The concept of maat, also used to designate offerings of all kinds, supports the idea that the gifts to the gods were meant to strengthen the established order and to help preserve it.’ (1)

Offerings are often presented in a variety of contexts. They can vary widely by type, number(s) and time (of day, of month, of year – as in the case of festivals or specific days). Their type can influence the amount of time they can be left out. For example a bottle of perfume can be left out for a long period of time, while food stuffs (being perishable) need to be reverted sooner.

In ancient times types of offerings included:

1. Offerings presented during the daily temple cult activities.

2. Offerings for the dead.

3. Offerings for festivals.

4. Offerings presented before/during/after magic workings.

All these could include food stuffs, beverages, jewellery, clothing/fabric, incense, oils, ointments and cosmetics.

Worthy of mention are the offering formulas and lists. These had their origins in the cult for the dead and they had symbolic significance – they were designed to nourish the ka of the deceased.

‘A typical offering formula from the Middle Kingdom [...]:

An offering that the king gives (to) Osiris, lord of Busiris, the great god and lord of Abydos, that he [i.e. Osiris] may give invocation offerings consisting of bread and beer, (cuts of) oxen and fowl, alabaster ([calcite] vessels) and clothing, (in fact) all good and pure things on which a god lives, for the ka-spirit of N.’ (2)

Offerings in a magical setting were often dictated by the type of magic being performed and the god or gods invoked. They were often prescribed in magical instructions (along with purity requirements, ingredients and techniques to be used), such as:

‘[...] If you wish to win a woman who is beautiful, be pure for 3 days, make an offering of frankincense, / and call upon this name over it.[...]‘(3)

For modern practitioners, things are somewhat simpler.

Determining what to offer a deity for example only requires a bit of research or simply asking around. If unsure, as I’ve said before, keep it clean and simple: bread, water, beer, incense are staples and well received.

For those who have ancestor worship included in their practice the above are also appropriate as are, of course, things which the deceased being honoured used to like. Were they big coffee drinkers? Offer up a nice brew. Were they chocovores? Offer up some chocolates or nice bars of chocolate. If you can find their exact favourites, even better.

For a magical setting, if you’re not following an exact prescription, bread, water and incense make a good basic trio of  appropriate offerings. If you prefer something more elaborate, it’s generally a good idea to do your research.

Here’s a simple way to help you determine what offerings to present in a magical setting.

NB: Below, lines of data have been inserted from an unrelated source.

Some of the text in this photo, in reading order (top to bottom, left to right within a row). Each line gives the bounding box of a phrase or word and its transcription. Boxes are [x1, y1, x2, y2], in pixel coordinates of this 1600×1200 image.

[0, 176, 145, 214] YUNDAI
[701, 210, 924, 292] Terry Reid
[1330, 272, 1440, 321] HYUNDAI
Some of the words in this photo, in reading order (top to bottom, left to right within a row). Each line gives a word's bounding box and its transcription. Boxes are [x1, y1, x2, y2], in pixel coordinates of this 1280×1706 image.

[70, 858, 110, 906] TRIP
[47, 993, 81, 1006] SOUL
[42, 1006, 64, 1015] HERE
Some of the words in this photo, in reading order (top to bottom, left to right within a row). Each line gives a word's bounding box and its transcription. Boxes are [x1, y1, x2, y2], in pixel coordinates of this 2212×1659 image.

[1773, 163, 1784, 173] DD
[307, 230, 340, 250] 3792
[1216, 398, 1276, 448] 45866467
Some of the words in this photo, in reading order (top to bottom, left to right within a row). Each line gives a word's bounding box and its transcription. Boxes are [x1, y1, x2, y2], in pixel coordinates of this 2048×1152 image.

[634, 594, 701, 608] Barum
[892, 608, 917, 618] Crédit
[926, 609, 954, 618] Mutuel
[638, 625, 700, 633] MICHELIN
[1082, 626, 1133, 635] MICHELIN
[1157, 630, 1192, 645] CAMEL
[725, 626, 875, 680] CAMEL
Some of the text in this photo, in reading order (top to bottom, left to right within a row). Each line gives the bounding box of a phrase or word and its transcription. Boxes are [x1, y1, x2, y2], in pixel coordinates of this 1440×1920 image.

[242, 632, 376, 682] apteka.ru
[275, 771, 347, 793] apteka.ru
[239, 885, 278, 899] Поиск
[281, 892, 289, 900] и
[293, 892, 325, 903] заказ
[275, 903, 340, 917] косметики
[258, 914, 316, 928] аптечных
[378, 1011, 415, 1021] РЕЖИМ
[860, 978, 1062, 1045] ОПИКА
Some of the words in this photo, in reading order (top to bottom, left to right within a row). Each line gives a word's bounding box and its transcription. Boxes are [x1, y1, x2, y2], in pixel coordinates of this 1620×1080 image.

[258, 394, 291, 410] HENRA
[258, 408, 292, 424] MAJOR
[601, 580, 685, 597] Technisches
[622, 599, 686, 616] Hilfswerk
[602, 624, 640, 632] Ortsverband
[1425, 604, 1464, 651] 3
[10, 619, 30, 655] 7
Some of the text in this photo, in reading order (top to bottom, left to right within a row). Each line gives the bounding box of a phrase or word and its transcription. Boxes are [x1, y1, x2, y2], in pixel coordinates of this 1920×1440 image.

Ask yourself (and answer) these questions:

1. What type of magic will you be performing?

2. Will you be invoking a deity during your rite?

3. If so, which one? What does that deity generally prefer being offered?

4. If the rite is to be repeated, do you feel you need to repeat the offerings as well?

5. Can you find examples of similar workings with their proper instructions in ancient texts from which you can draw inspiration?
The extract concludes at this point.